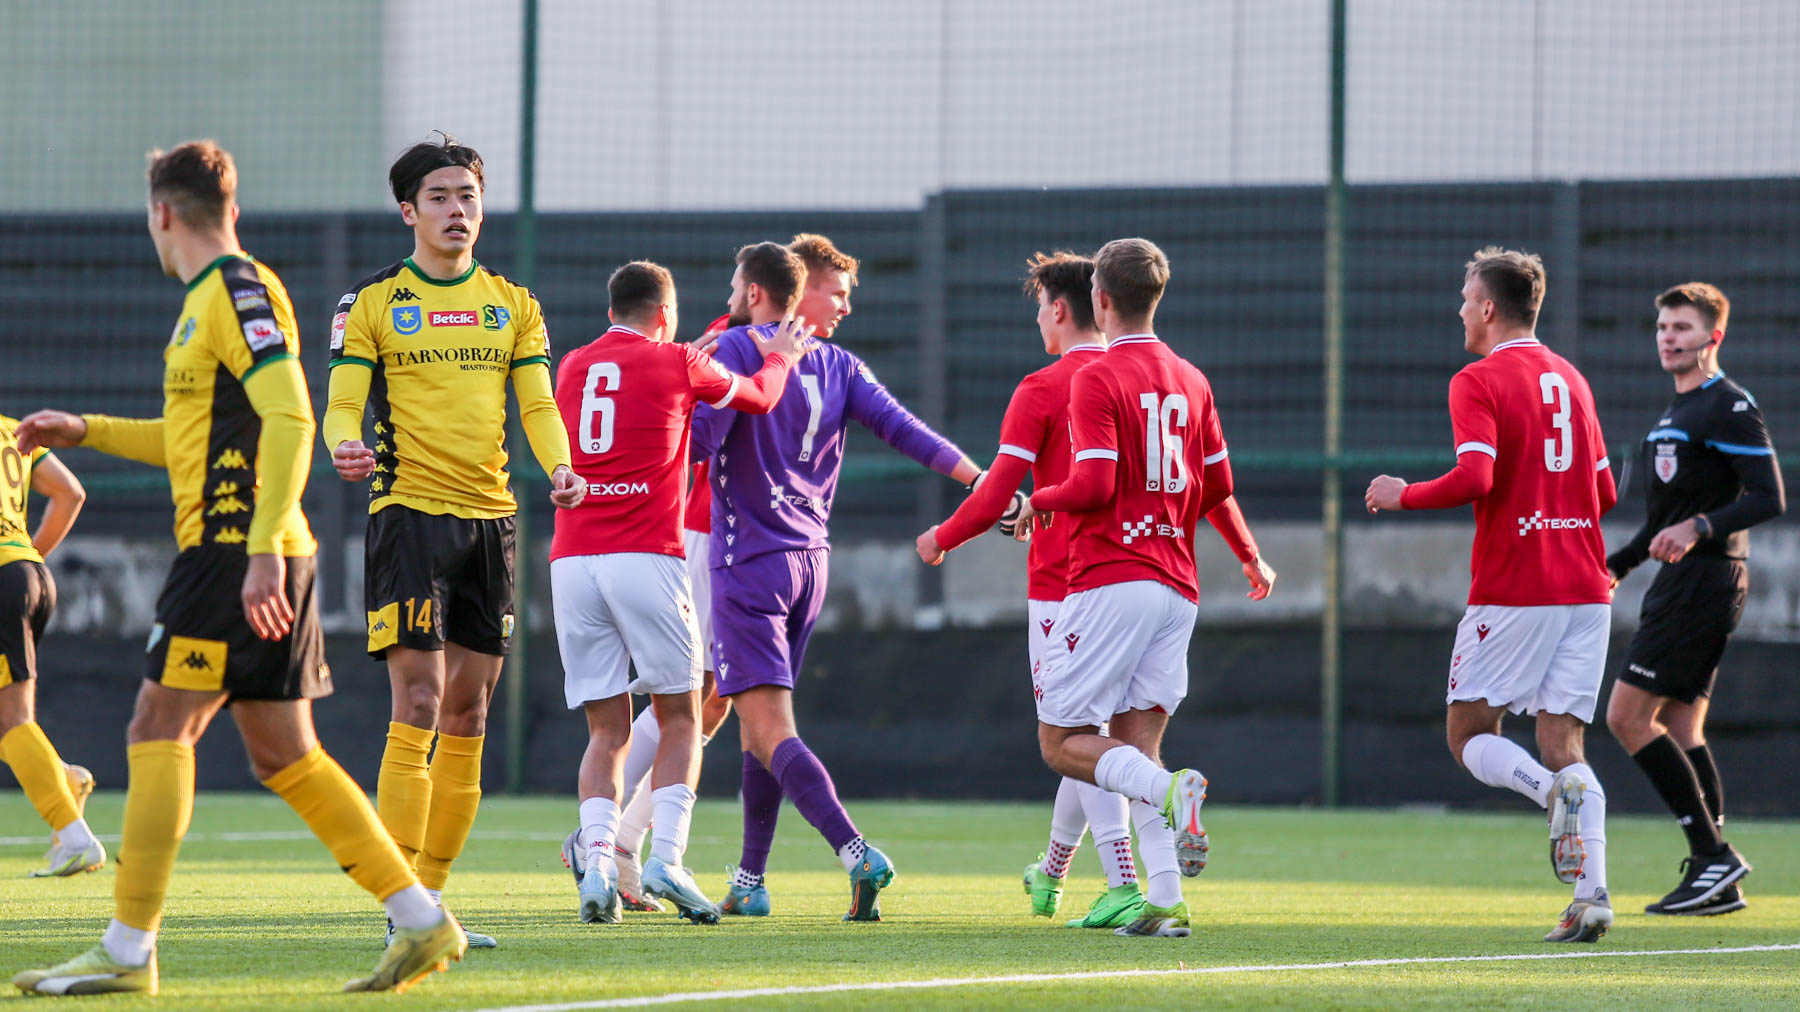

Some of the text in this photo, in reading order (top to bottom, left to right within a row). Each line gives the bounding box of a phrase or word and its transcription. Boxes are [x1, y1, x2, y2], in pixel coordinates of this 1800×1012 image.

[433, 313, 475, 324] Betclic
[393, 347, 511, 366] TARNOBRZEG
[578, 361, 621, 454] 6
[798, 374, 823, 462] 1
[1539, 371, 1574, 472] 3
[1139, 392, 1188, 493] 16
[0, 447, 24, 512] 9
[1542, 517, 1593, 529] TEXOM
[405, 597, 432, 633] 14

→ About this exercise
The task calls for all records to be set down precisely, excluding any images.

→ Written solution
Some of the text in this photo, in reading order (top to bottom, left to right within a row). Each line gives the bounding box of a phrase or word and its transcription. Boxes are [x1, y1, x2, y2], in pixel coordinates of this 1800×1012 image.

[433, 313, 475, 324] Betclic
[393, 347, 511, 366] TARNOBRZEG
[578, 361, 621, 454] 6
[798, 374, 823, 462] 1
[1539, 371, 1574, 472] 3
[1139, 392, 1188, 493] 16
[0, 447, 24, 512] 9
[1542, 517, 1593, 529] TEXOM
[405, 597, 432, 633] 14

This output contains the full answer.